(Collection entries)

- - - - - - -

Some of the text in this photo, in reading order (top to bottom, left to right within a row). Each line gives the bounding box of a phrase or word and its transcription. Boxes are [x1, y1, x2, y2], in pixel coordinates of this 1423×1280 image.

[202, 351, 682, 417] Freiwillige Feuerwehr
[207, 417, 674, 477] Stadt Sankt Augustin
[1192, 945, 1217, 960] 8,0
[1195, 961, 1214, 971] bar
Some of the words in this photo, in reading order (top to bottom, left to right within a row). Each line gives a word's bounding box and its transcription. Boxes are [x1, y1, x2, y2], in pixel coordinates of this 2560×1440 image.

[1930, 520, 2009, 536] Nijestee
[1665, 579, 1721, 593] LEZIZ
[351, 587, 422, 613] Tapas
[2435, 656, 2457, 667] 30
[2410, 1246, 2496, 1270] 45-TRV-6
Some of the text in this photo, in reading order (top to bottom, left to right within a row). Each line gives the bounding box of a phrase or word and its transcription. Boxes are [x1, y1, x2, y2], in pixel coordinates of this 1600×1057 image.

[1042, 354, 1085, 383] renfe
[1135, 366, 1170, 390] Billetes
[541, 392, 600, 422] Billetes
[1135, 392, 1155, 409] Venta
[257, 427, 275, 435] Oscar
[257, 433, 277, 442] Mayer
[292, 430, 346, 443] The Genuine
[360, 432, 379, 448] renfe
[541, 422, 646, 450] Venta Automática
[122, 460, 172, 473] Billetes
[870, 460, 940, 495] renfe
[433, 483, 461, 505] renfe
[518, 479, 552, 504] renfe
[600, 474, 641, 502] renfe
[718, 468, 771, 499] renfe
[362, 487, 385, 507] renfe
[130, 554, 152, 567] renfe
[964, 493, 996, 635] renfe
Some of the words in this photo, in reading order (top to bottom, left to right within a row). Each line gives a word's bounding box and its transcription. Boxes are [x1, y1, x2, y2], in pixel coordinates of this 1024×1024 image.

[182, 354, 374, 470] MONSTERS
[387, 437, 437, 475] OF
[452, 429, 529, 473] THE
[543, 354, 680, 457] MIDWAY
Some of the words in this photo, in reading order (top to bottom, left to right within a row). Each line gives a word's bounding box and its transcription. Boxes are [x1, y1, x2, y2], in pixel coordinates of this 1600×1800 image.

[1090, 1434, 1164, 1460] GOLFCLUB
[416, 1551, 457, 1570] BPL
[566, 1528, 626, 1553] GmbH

- - - - - - -

● **BRIEF**: Copy out each entry above with no deviation.

● **OUTPUT OF THE TASK**:
Some of the text in this photo, in reading order (top to bottom, left to right within a row). Each line gives the bounding box of a phrase or word and its transcription. Boxes are [x1, y1, x2, y2], in pixel coordinates of this 1423×1280 image.

[202, 351, 682, 417] Freiwillige Feuerwehr
[207, 417, 674, 477] Stadt Sankt Augustin
[1192, 945, 1217, 960] 8,0
[1195, 961, 1214, 971] bar
Some of the words in this photo, in reading order (top to bottom, left to right within a row). Each line gives a word's bounding box and its transcription. Boxes are [x1, y1, x2, y2], in pixel coordinates of this 2560×1440 image.

[1930, 520, 2009, 536] Nijestee
[1665, 579, 1721, 593] LEZIZ
[351, 587, 422, 613] Tapas
[2435, 656, 2457, 667] 30
[2410, 1246, 2496, 1270] 45-TRV-6
Some of the text in this photo, in reading order (top to bottom, left to right within a row). Each line gives the bounding box of a phrase or word and its transcription. Boxes are [x1, y1, x2, y2], in pixel coordinates of this 1600×1057 image.

[1042, 354, 1085, 383] renfe
[1135, 366, 1170, 390] Billetes
[541, 392, 600, 422] Billetes
[1135, 392, 1155, 409] Venta
[257, 427, 275, 435] Oscar
[257, 433, 277, 442] Mayer
[292, 430, 346, 443] The Genuine
[360, 432, 379, 448] renfe
[541, 422, 646, 450] Venta Automática
[122, 460, 172, 473] Billetes
[870, 460, 940, 495] renfe
[433, 483, 461, 505] renfe
[518, 479, 552, 504] renfe
[600, 474, 641, 502] renfe
[718, 468, 771, 499] renfe
[362, 487, 385, 507] renfe
[130, 554, 152, 567] renfe
[964, 493, 996, 635] renfe
Some of the words in this photo, in reading order (top to bottom, left to right within a row). Each line gives a word's bounding box and its transcription. Boxes are [x1, y1, x2, y2], in pixel coordinates of this 1024×1024 image.

[182, 354, 374, 470] MONSTERS
[387, 437, 437, 475] OF
[452, 429, 529, 473] THE
[543, 354, 680, 457] MIDWAY
Some of the words in this photo, in reading order (top to bottom, left to right within a row). Each line gives a word's bounding box and its transcription. Boxes are [x1, y1, x2, y2], in pixel coordinates of this 1600×1800 image.

[1090, 1434, 1164, 1460] GOLFCLUB
[416, 1551, 457, 1570] BPL
[566, 1528, 626, 1553] GmbH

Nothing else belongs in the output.